During World War II, U.S. gunners pointed their weapons using firing charts, complete lists containing the trajectories that missiles could follow depending on the type of weapon, geographic location, and the speed of time. Each table had approximately 3,000 trajectories, each requiring 750 calculations. These calculations were done by hand by so-called computers, women mathematicians, at the Aberdeen Proving Grounds military base until the government approved the secret construction of the first digital computer that would do this job: the ENIAC. The technologist to whom we dedicate this post started being a computer to finally be one of the six mathematics that programmed the ENIAC later. Today we tell you the story of Kathleen McNulty by the hand of our colleague Nora M. Villanueva:

“Kathleen McNulty was one of the six women who programmed the ENIAC. It seems that at that time, all credit was given to those who built the machine, but what about the women who programmed it?

Who was Kathleen McNulty?

Kathleen McNulty was an American mathematician born in Ireland who aspired to find a job in which to make use of her scientific knowledge without this being teaching; so her life changed when she responded to an advertisement in the local newspaper with the slogan: “we search women with a degree in Mathematics”. That’s how she became a computer, what means women calculating ballistics trajectories by hand for the Ballistic Research Laboratory in the U.S. during World War II. Later, in 1947, McNulty was chosen to be one of the programmers of the Electronic Numerical Integrator and Computer (ENIAC), a general-purpose digital computer capable of being reprogrammed to solve numerical problems. The ENIAC is considered the first digital multifunctional computer in history.

Biographic notes

Kathleen “Kay” Rita McNulty Mauchly Antonelli was born in Donegal (Ireland) on February 12th, 1921, during the country’s wars of independence. Her father, a Republican army officer, was arrested when she was just born and spent several years in prison. After her release, her family immigrated to the United States in 1924 and settled in Pennsylvania, where McNulty spent her childhood. In 1942, Kay earned her Math degree from Chestnut Hill College for Women, which she later completed with studies in finance and business.

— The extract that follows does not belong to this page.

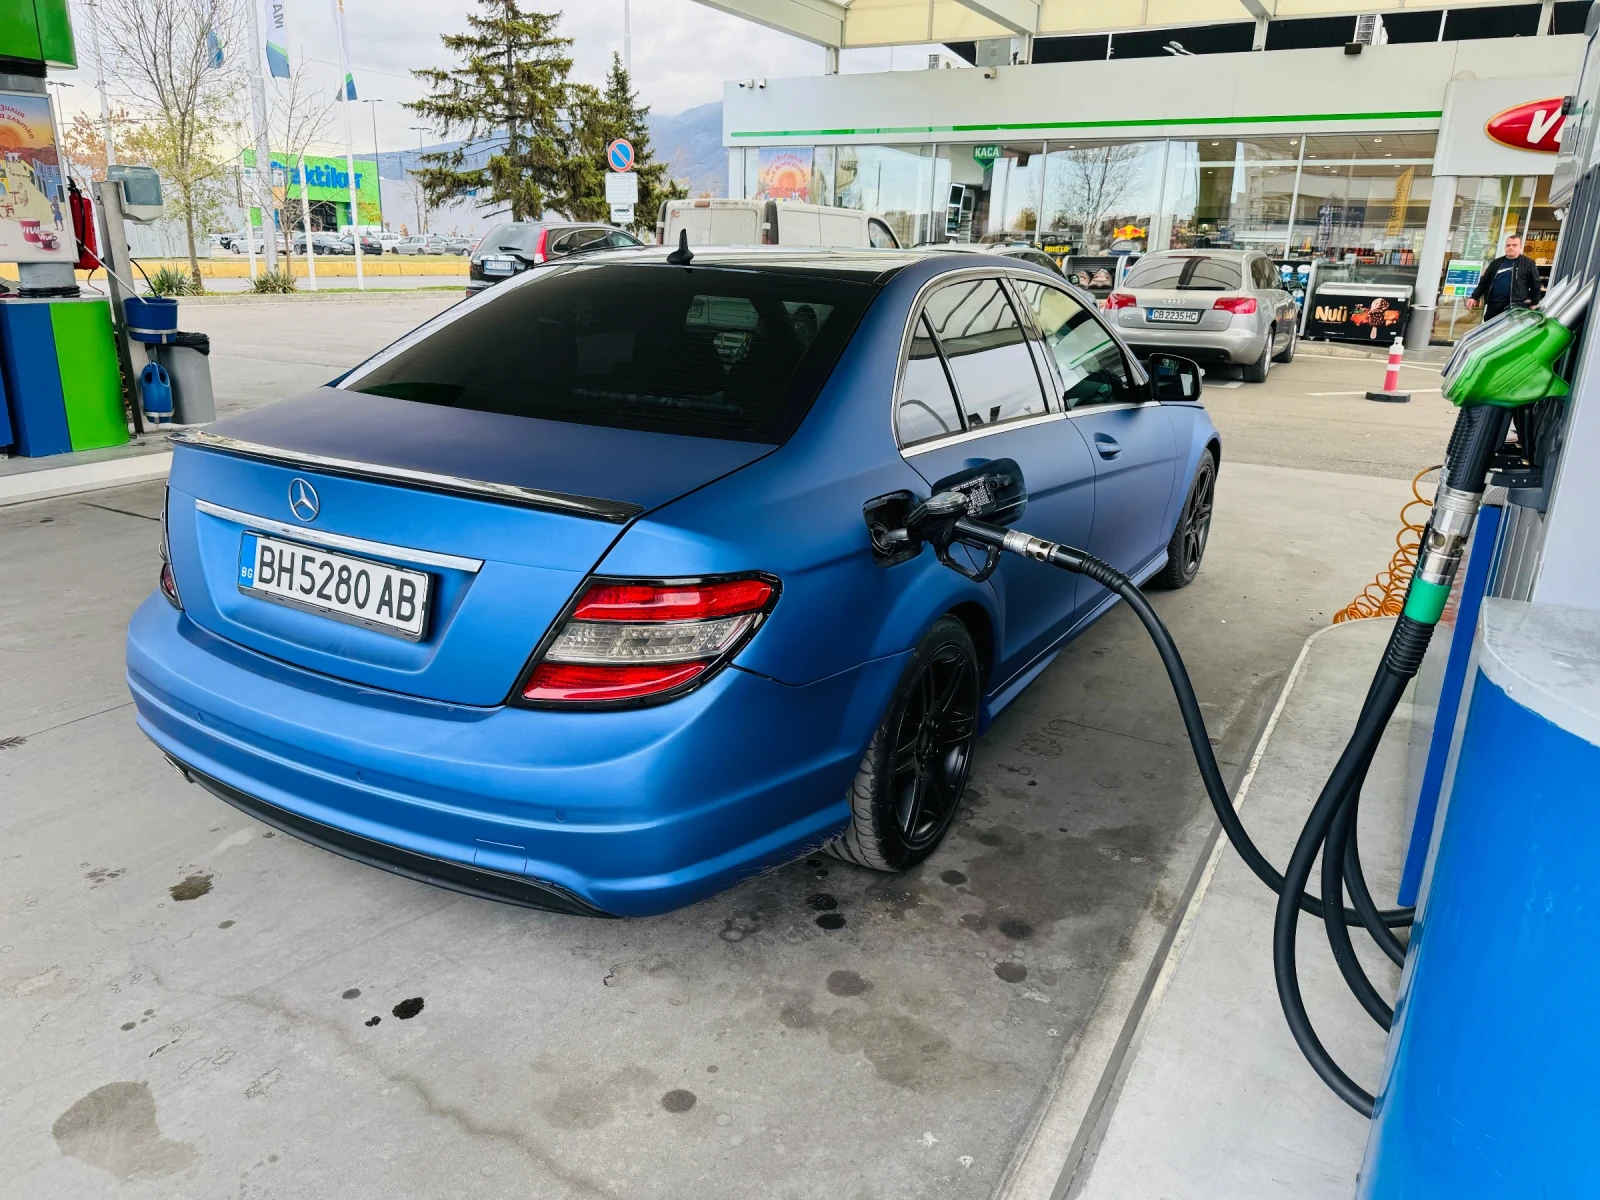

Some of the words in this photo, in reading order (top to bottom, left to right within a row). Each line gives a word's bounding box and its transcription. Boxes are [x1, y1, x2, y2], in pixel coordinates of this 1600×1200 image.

Attracted by the idea of pursuing mathematics without working as a teacher, McNulty encouraged a classmate to apply for an interview for an army-related job. Both were hired as computers or “human computers” and later participated in ENIAC programming. During this time, she met her husband (ENIAC co-inventor John Mauchly) with whom she had five children. In 1980, Mauchly dies, but Kay continues ENIAC’s legacy by writing various articles and giving lectures. In 2006, Kathleen McNulty was diagnosed with cancer and died in April of that year.

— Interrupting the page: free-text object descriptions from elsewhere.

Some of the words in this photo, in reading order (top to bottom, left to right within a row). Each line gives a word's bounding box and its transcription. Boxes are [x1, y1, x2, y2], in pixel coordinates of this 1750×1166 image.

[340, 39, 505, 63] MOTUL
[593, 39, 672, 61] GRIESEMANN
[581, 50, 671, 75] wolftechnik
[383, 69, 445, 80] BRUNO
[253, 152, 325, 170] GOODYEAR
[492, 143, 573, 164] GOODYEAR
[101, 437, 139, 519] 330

Legacy at the Tech industry

Despite all her training in mathematics, McNulty was unfamiliar with the numerical integration methods used to calculate trajectories, so her beginnings as a human computer was not easy. However, she quickly began to stand out among the 75 women who formed the calculus division and was transferred to work on an analogue calculator that reduced the calculation time from 40 hours with a mechanical desktop calculator to 50 minutes.

In order to do the same type of calculations, the University of Pennsylvania and the U.S. Army signed an agreement to secretly develop ENIAC, the first modern computer. McNulty was chosen to program this computer between 1943 and 1946 along with five other excellent women in calculations: Betty Snyder Holberton, Jean Jennings Bartik, Marlyn Wescoff Meltzer, Ruth Lichterman Teitelbaum and Frances Bilas Spence, her colleague at the university who attended her first job interview. They were responsible for the ENIAC being able to make 5,000 sums and up to 300 multiplications in just one second, the creators of the first library of routines and the executors of the first software applications.


Due to her work as a computer first, and her involvement in the programming of the ENIAC later (computer that would replace a part of these human “calculators” women), it is said that Kathleen McNulty used to joke that she herself would be “the first computer to become obsolete”. In 1997, her name, along with that of her five fellow programmers, was included in the Women in Technology International Hall of Fame in recognition of her work in the field. “The Computers”, a film directed by Kathy Kleiman, Jon Palfreman and Kate McMahon, tells the story of these six computer women.